Nivolumab, a programed cell death 1 (PD-1) inhibitor, is globally approved for the treatment of several cancer types, including but not limited to, melanoma, genitourinary cancer, nonsmall lung cancer, gastrointestinal cancer, and squamous cell carcinoma of the head and neck.^1,2 The linear pharmacokinetics and wide therapeutic index associated with nivolumab encouraged the evaluation of a fixed dose option to reduce dosing errors, facilitate efficient drug preparation, and allow for ease of administration.^3–5 Therefore, as a result of population pharmacokinetic modeling and exposure-response analyses demonstrating similar exposure-response, efficacy, and safety profile to the historical weight-based dose of 3 mg/kg in patients with advanced cancers, nivolumab is currently approved by the U.S. Food and Drug Administration as well as the European Medicines Agency for administration at a flat dose of 240 mg every 2 weeks (Q2W) and 480 mg every 4 weeks (Q4W).^6–8

Real-world safety outcomes between the two flat dose regimens were demonstrated to be similar in a study of adjuvant nivolumab recipients for the treatment of melanoma. ⁹ However, the aforementioned study had notable limitations such as a single oncology patient population, small sample size, and insufficient study power.

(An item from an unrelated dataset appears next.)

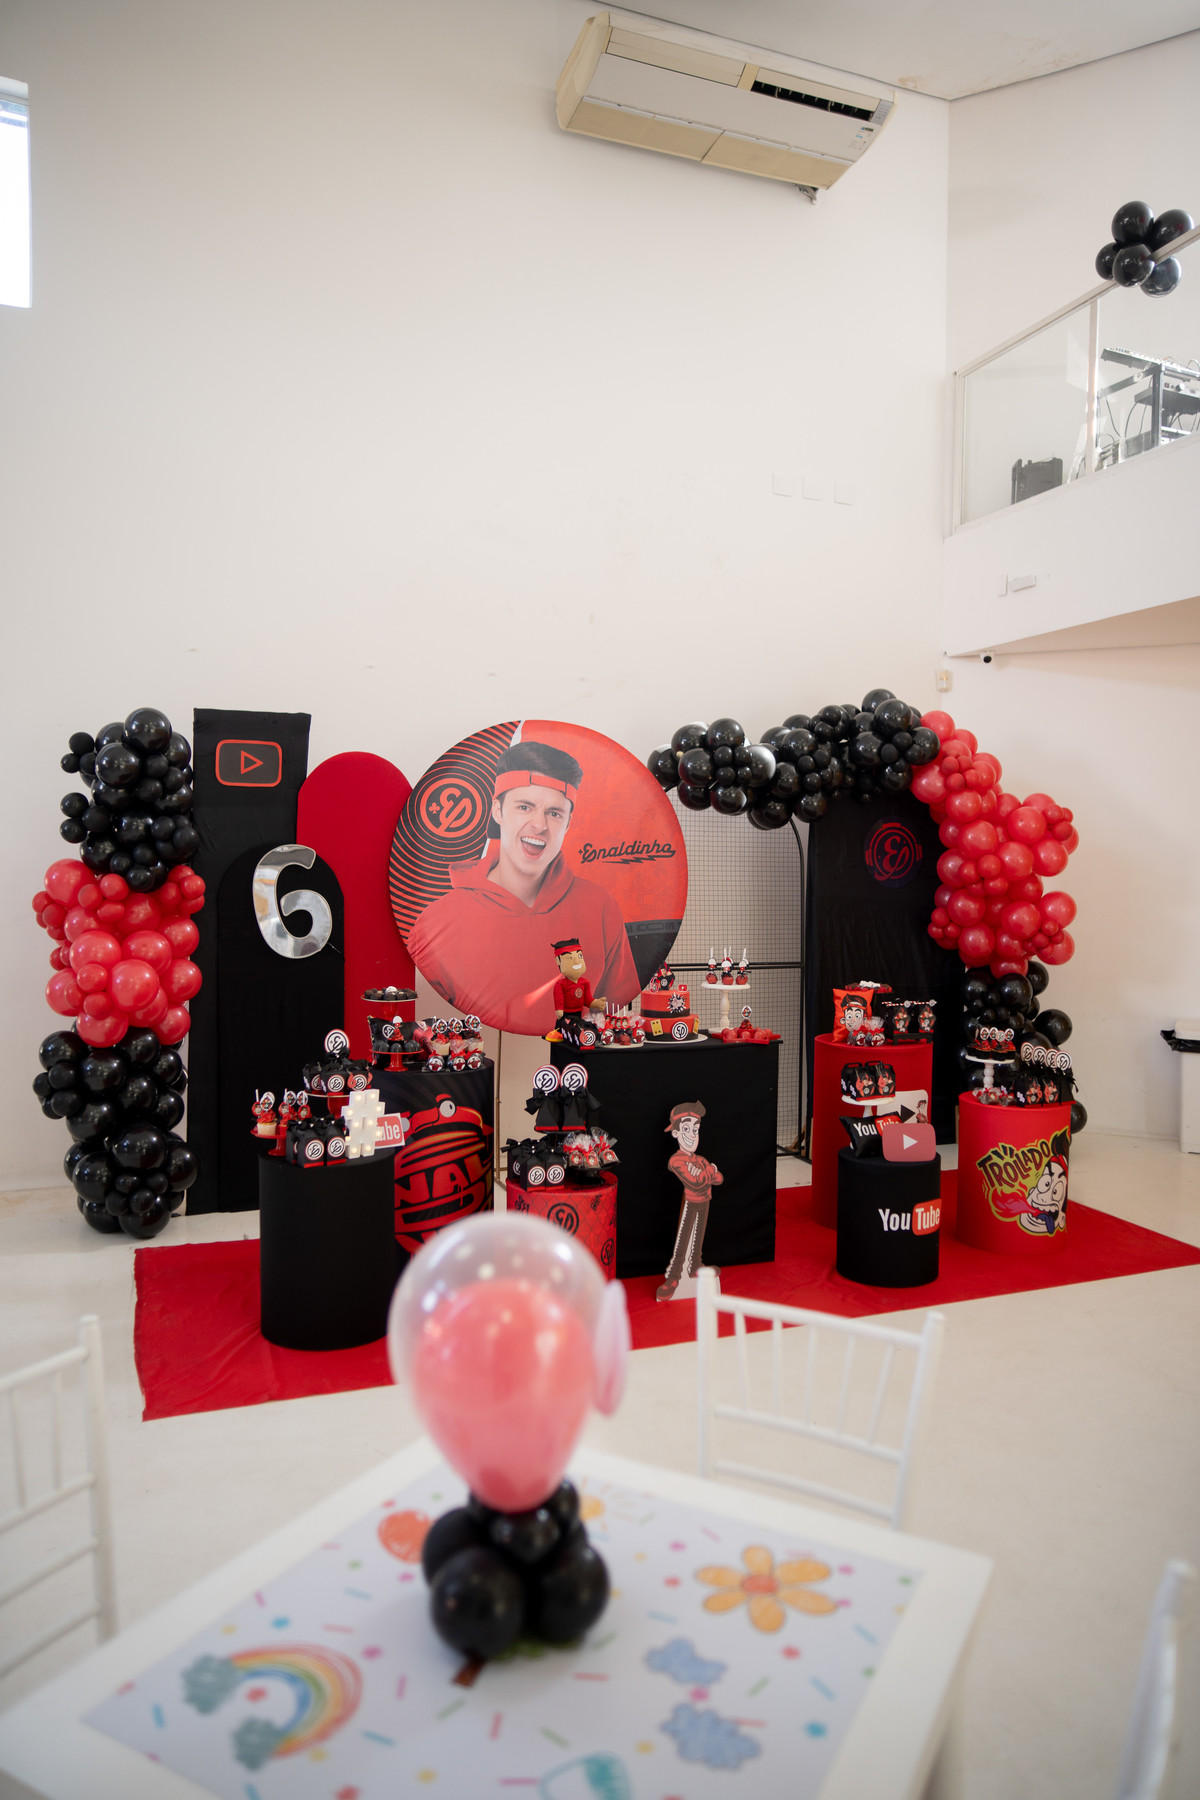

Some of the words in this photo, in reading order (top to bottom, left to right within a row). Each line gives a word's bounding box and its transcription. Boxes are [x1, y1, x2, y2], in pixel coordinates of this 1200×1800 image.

Therefore, the primary objective of this study was to evaluate the incidence of immunotherapy-related adverse effects (irAEs) between nivolumab regimens with differing dosing patterns (240 mg Q2W, 480 mg Q4W, transition from 240 Q2W to 480 mg Q4W) in a variety of solid tumor oncology patient populations. Secondary objectives included assessment of the incidence of significant irAEs, reasons for treatment discontinuation, and impact of prior ipilimumab use or BRAF mutation status on the rate of irAEs.

Methods

A single center retrospective cohort study of adult patients (age ≥ 18 years) who received either nivolumab 240 mg Q2W, 480 mg Q4W, or who were transitioned from 240 mg Q2W to 480 mg Q4W from March 1, 2018 to March 31, 2022 were selected for analysis from an electronic health record (EHR) generated report. Three EHR reports were generated reflecting patients belonging to the aforementioned cohorts. The cohort that transitioned from 240 mg Q2W to 480 mg Q4W were initially identified by searching for patients who had received both nivolumab regimens during a consecutive treatment period. Patients who were actively enrolled in a clinical trial or received investigational drugs and with incomplete medical records were excluded. Study data obtained from the EHR included baseline (defined as within 30 days prior to initiation of nivolumab) patient demographic and clinical characteristics (age, gender, race, Eastern Cooperative Oncology Group performance status (PS), lactate dehydrogenase (LDH), indication, cancer stage, body weight, number of cycles administered, duration of therapy, BRAF mutation status, receipt of ipilimumab within 90 days prior to nivolumab initiation), safety, and reasons for treatment discontinuation. Patients in each cohort were matched on a 1:1:1 basis for the following demographic and clinical characteristics: age, gender, and disease stage. Safety was assessed by the incidence of irAEs and significant irAEs from the date of nivolumab initiation to the end of follow-up or date of death, whichever came first. Significant irAEs were defined as any irAE that led to any of the following outcomes: withheld dose, altered dose and/or schedule, permanent treatment discontinuation, hospitalization, or emergency department visit. Safety endpoints were collected after the switch was made to 480 mg Q4W for the patients who were transitioned from 240 mg Q2W to 480 mg Q4W and no irAEs were reported prior to the switch. All the aforementioned data points were collected and stored in the REDCap web-based application. Approval was granted by the Roswell Park Institutional Review Board (IRB study #00002015) and research was conducted in accordance with the principles outlined in the Declaration of Helsinki. Patient consent was obtained in a manner appropriate for a retrospective cohort study of this magnitude.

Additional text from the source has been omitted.